[Start of Attachment]

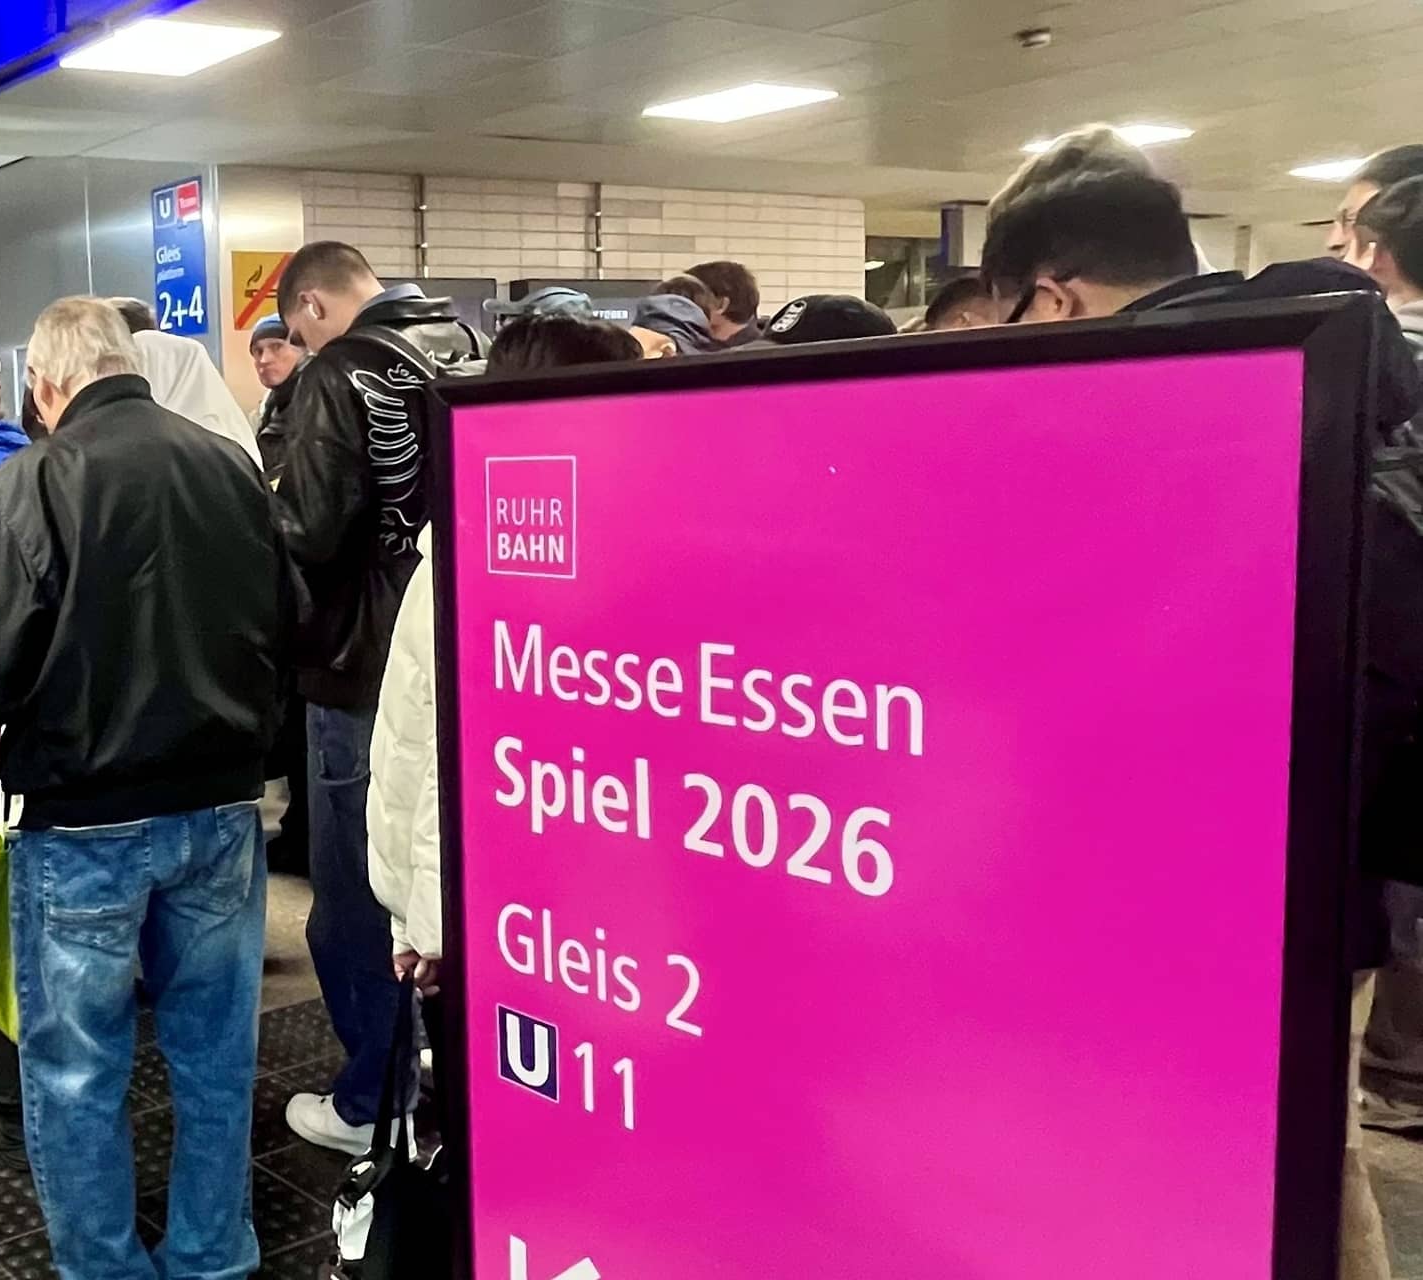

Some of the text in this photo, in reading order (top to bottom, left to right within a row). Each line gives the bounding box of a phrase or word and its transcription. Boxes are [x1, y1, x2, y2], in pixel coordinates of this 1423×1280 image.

[159, 198, 171, 218] U
[156, 245, 181, 264] Gleis
[159, 285, 204, 330] 2+4
[496, 497, 563, 527] RUHR
[497, 533, 564, 563] BAHN
[493, 619, 924, 756] Messe Essen
[493, 736, 894, 897] Spiel 2026
[497, 903, 703, 1037] Gleis 2
[505, 1013, 635, 1130] U 11

[End of Attachment]

**Instructions for the task:** Return every line of the records exactly as given, pictures excluded.

**Solution to the problem:**
Some of the text in this photo, in reading order (top to bottom, left to right within a row). Each line gives the bounding box of a phrase or word and its transcription. Boxes are [x1, y1, x2, y2], in pixel coordinates of this 1423×1280 image.

[159, 198, 171, 218] U
[156, 245, 181, 264] Gleis
[159, 285, 204, 330] 2+4
[496, 497, 563, 527] RUHR
[497, 533, 564, 563] BAHN
[493, 619, 924, 756] Messe Essen
[493, 736, 894, 897] Spiel 2026
[497, 903, 703, 1037] Gleis 2
[505, 1013, 635, 1130] U 11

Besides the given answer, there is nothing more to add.